Required action: Every entry below must be repeated exactly; skip the pictures.

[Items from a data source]
****************************************
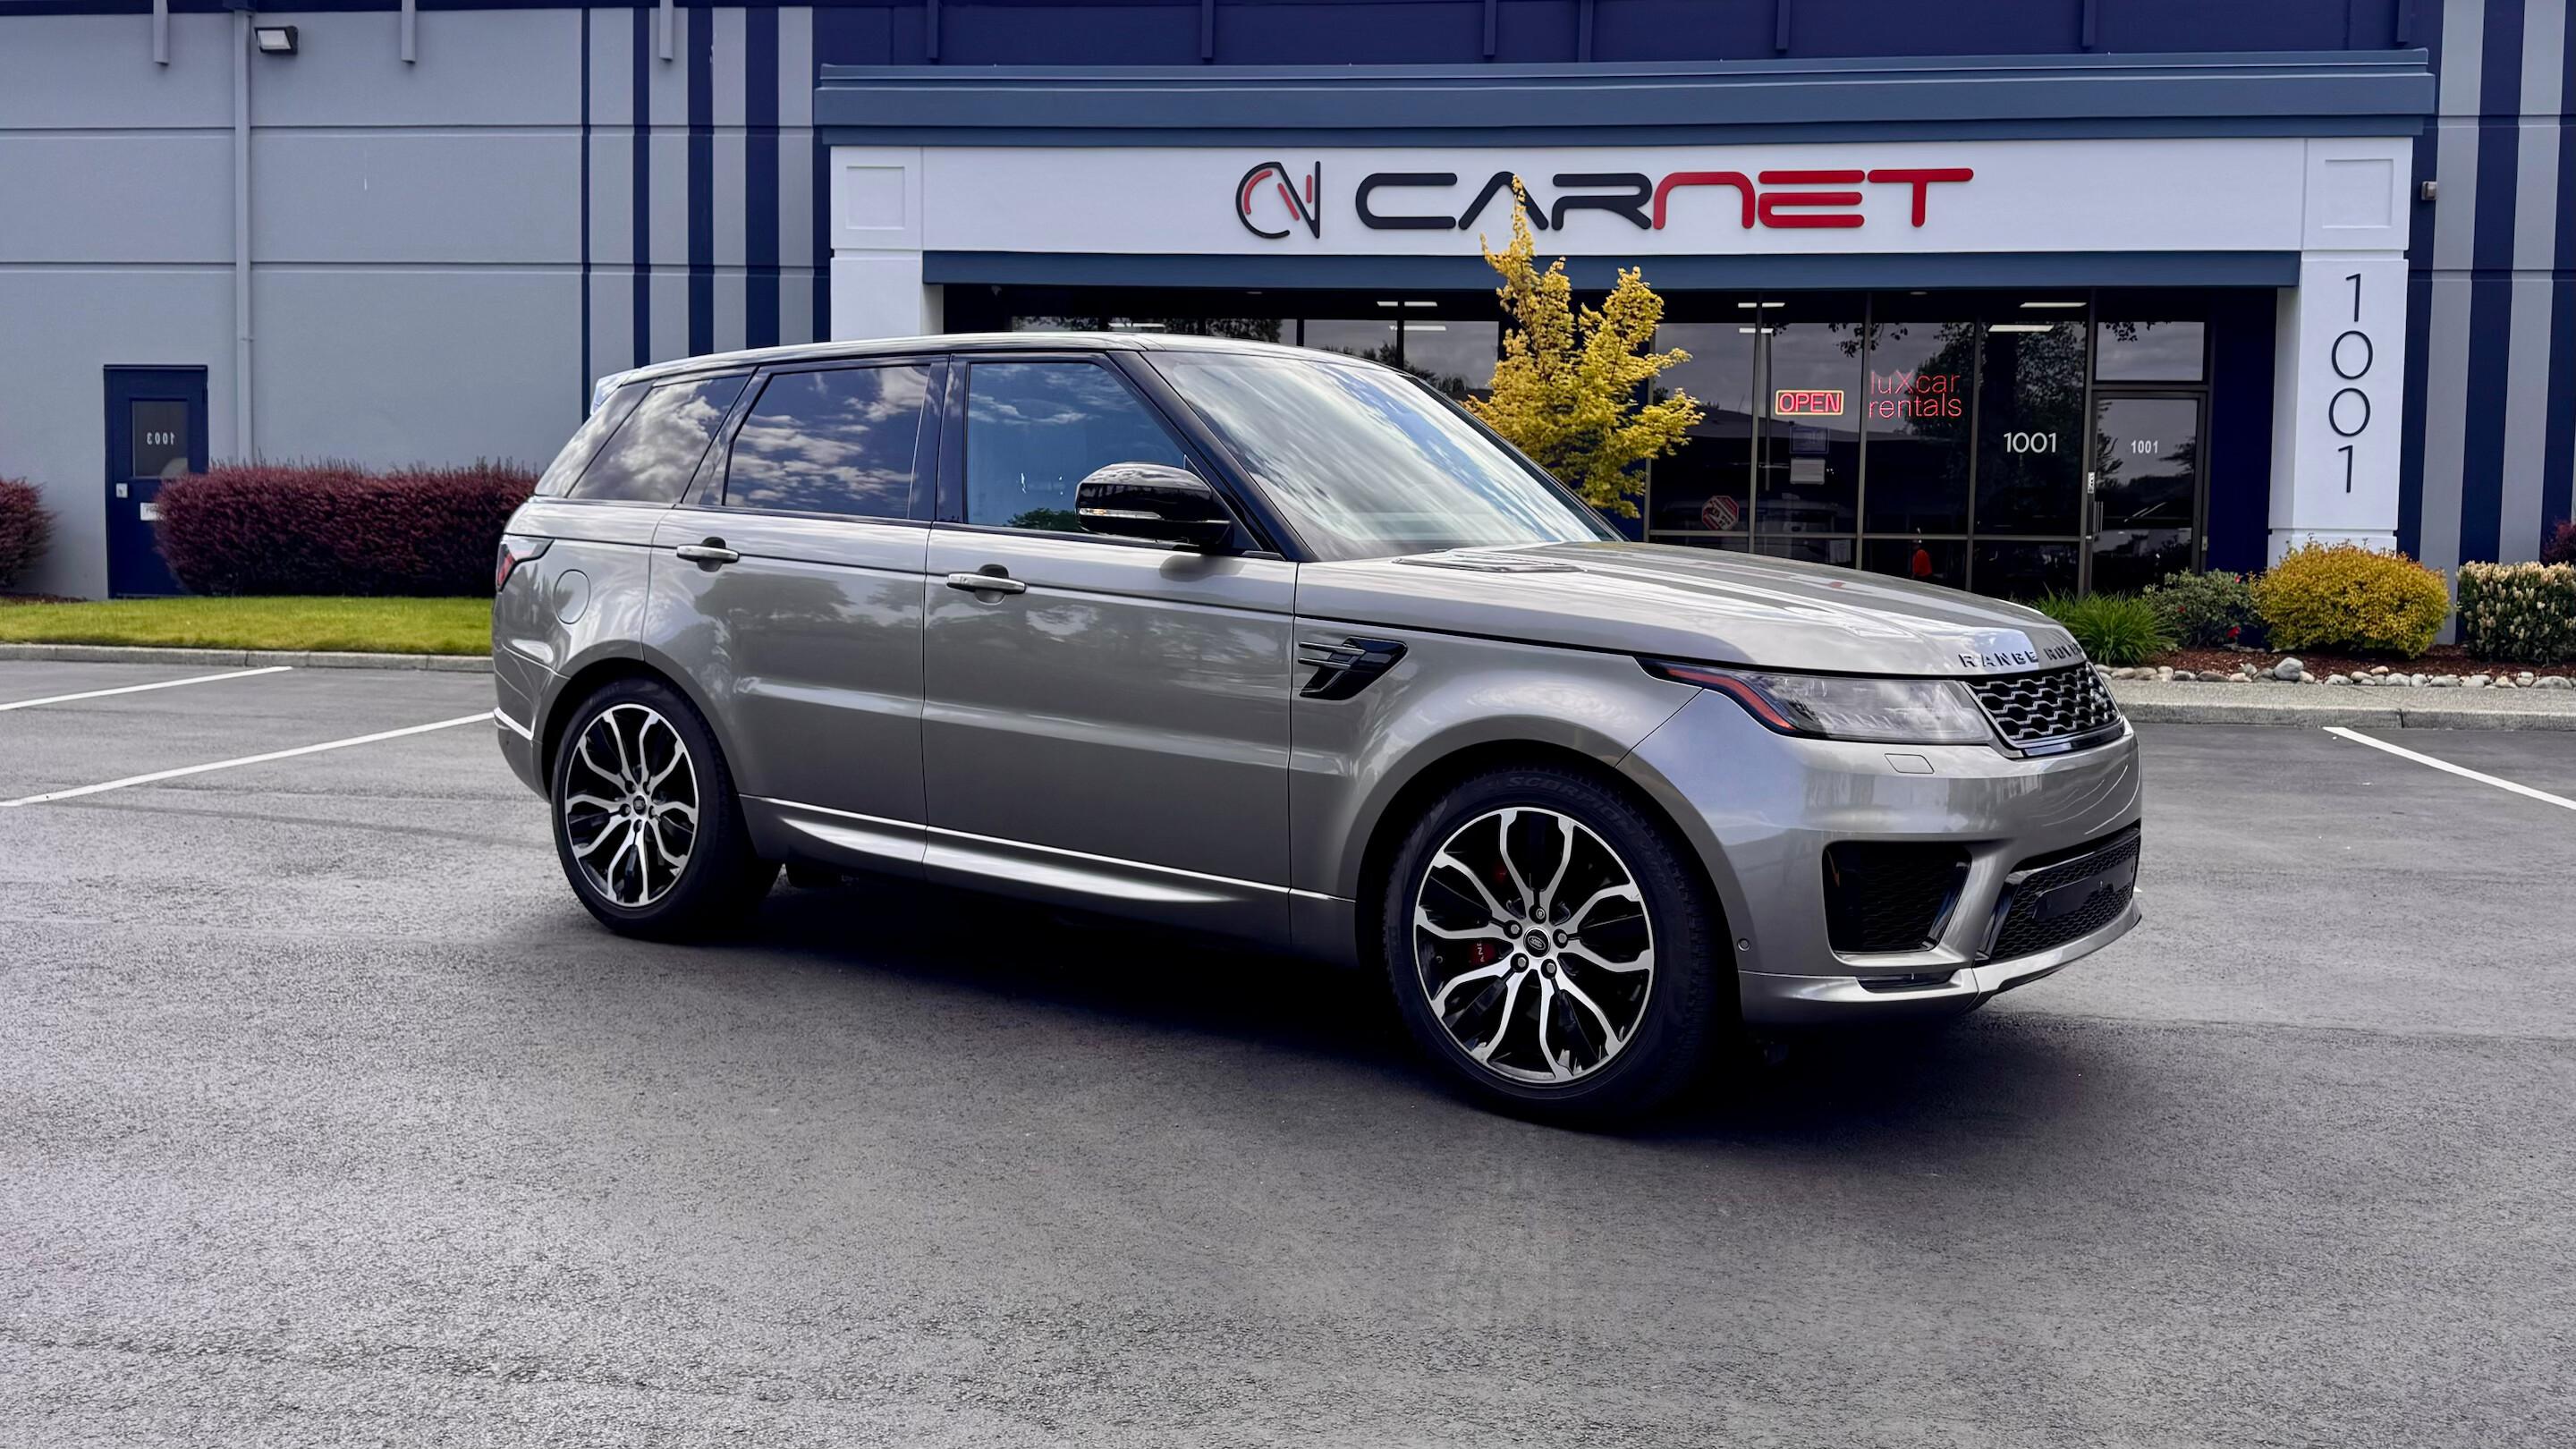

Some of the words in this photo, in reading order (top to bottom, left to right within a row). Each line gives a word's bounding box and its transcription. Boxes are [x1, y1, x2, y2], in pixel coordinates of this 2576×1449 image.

[1355, 167, 1974, 231] CARNET
[2328, 273, 2374, 494] 1001
[1779, 393, 1841, 413] OPEN
[1868, 394, 1962, 419] rentals
[2003, 432, 2056, 453] 1001
[2131, 440, 2158, 454] 1001
[1958, 650, 2039, 667] RANGE
****************************************
Exercise result:
Some of the words in this photo, in reading order (top to bottom, left to right within a row). Each line gives a word's bounding box and its transcription. Boxes are [x1, y1, x2, y2], in pixel coordinates of this 2576×1449 image.

[1355, 167, 1974, 231] CARNET
[2328, 273, 2374, 494] 1001
[1779, 393, 1841, 413] OPEN
[1868, 394, 1962, 419] rentals
[2003, 432, 2056, 453] 1001
[2131, 440, 2158, 454] 1001
[1958, 650, 2039, 667] RANGE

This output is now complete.